L’euro s’est échangé contre 1,44 dollars à la clôture de la séance du vendredi 26 octobre 2007, un niveau que personne ne pouvait prédire au début de cette année et encore moins au tout lancement de la monnaie européenne. Les déficits jumeaux américains, les politiques monétaires adoptées par la réserve Fédérale américaine et la Banque centrale Européenne, et tout dernièrement la crise du «subprime» sont passés par là. Si le parcours de l’euro rend les factures des importations pétrolières, mais aussi céréalières, relativement supportables à un moment ou le cours du brut crève le plafond après avoir passé le cap des 92 dollars, les opérateurs économiques, quant à eux sont devant un vrai casse-tête chinois, surtout que la flambée des cours se généralise pour presque toutes les matières premières. La situation est d’autant plus préoccupante que pour les analystes de la Salle des Marchés de BMCE Bank, le dollar devrait continuer à s’affaiblir face à l’euro et ce pour deux raisons fondamentales la crise de «subprime» qui continue a affecté l’économie américaine et dont les conséquences ne sont pas encore mesurable actuellement et la réduction du gap des taux d’intérêt entre les Etats-Unis et la zone euro.
Produits de couverture
Cette donne de l’économie mondiale n’est pas sans effets sur l’économie marocaine. Les entreprises importatrices et exportatrices sont appelées de plus en plus à faire face à une forte volatilité des parités de change qui peut altérer sensiblement leurs marges bénéficiaires. Pour faire face à cette situation d’incertitudes sur les cours de changes, des taux et des matières premières, le mot d’ordre est se couvrir pour atténuer les impacts de ces risques et tirer profit de la baisse du dollar, par exemple. La Salle de Marchés de BMCE Capital offre plusieurs stratégies de couverture du risque de change: change au comptant, change à terme, les options (participative, tunnel, spread, airbag, auto-blaquant, rétroviseur, etc.). Le recours aux instruments de couverture est d’autant plus intéressante que l’Etat, conscient de l’effet de la politique de change sur la compétitivité des entreprises opérant avec l’extérieur, a fini par consentir un sacré soutien aux opérateurs économiques nationaux qui voyaient leur compétitivité s’éroder à cause de ces incertitudes en adoptant plusieurs nouvelles mesures d’assouplissement de la réglementation de changes dans le cadre de la politique de libéralisation du compte capital (voire tableau). Outre le renforcement de la libéralisation financière, ces mesures sont appelées à contribuer au renforcement de l’ouverture de l’économie marocaine sur l’extérieure en vue de faciliter son intégration au train de la mondialisation. C’est dans cette optique que s’inscrit la tournée d’informations et de sensibilisation entreprise par la Salle de Marchés de BMCE Capital pour expliciter le contenu de ces circulaires aux opérateurs économiques. La tournée qui débute à Casablanca, touchera les villes de Fès, rabat, Agadir et Tanger.
Insuffisances
Bien que ces mesures constituent aujourd’hui une avancée significative pour les entreprises, il n’en demeure pas moins que celles-ci peuvent être améliorées pour mieux tenir compte des intérêts des opérateurs économiques, soulignent les analystes de BMCE Capital Markets. Ainsi, et à titre d’exemple, pour la circulaire n° 1 719 relative aux comptes en devises ou en dirhams convertibles au nom des exportateurs de biens et de services, les experts de la Salle des Marchés de BMCE Capital avancent quelques insuffisances: l’absence d’arbitrage de devises hors du Maroc, le fait que les rémunérations de ces comptes et de ces placements par le débit de ces comptes ne sont pas autorisées, etc. Ces faiblesses et tant d’autres relevées par les banquiers et les opérateurs seront débattues lors d’une rencontre entre le GPBM et les autorités de tutelle très prochainement.
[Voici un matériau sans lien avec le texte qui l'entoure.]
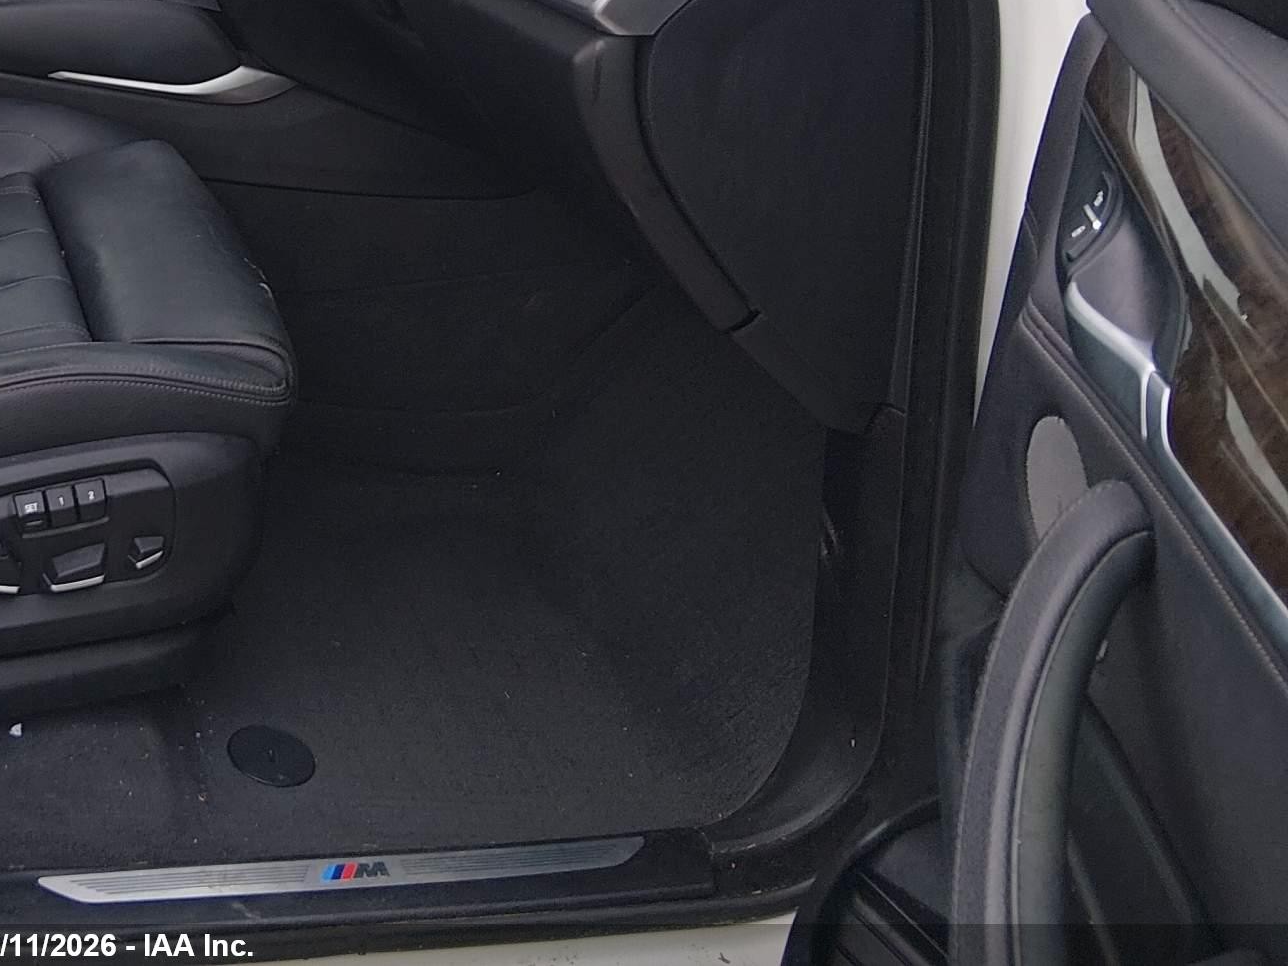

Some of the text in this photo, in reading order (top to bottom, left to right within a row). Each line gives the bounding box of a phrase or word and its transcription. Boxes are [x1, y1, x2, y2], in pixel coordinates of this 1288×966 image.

[88, 490, 95, 500] 2
[58, 496, 64, 506] 1
[24, 502, 38, 514] SET
Reste, comme le soulignent les analystes, face aux évolutions que connaissent les marchés financiers avec l’adoption prochaine des normes IFRS, les règles de Bâle II pour les banques et les modifications structurelles des frontières commerciales et financier, «le nouvel environnement financier implique le développement de nouveaux instruments financiers tels les options de change exotiques, les dérivées de taux, de crédits et d’actions, etc.».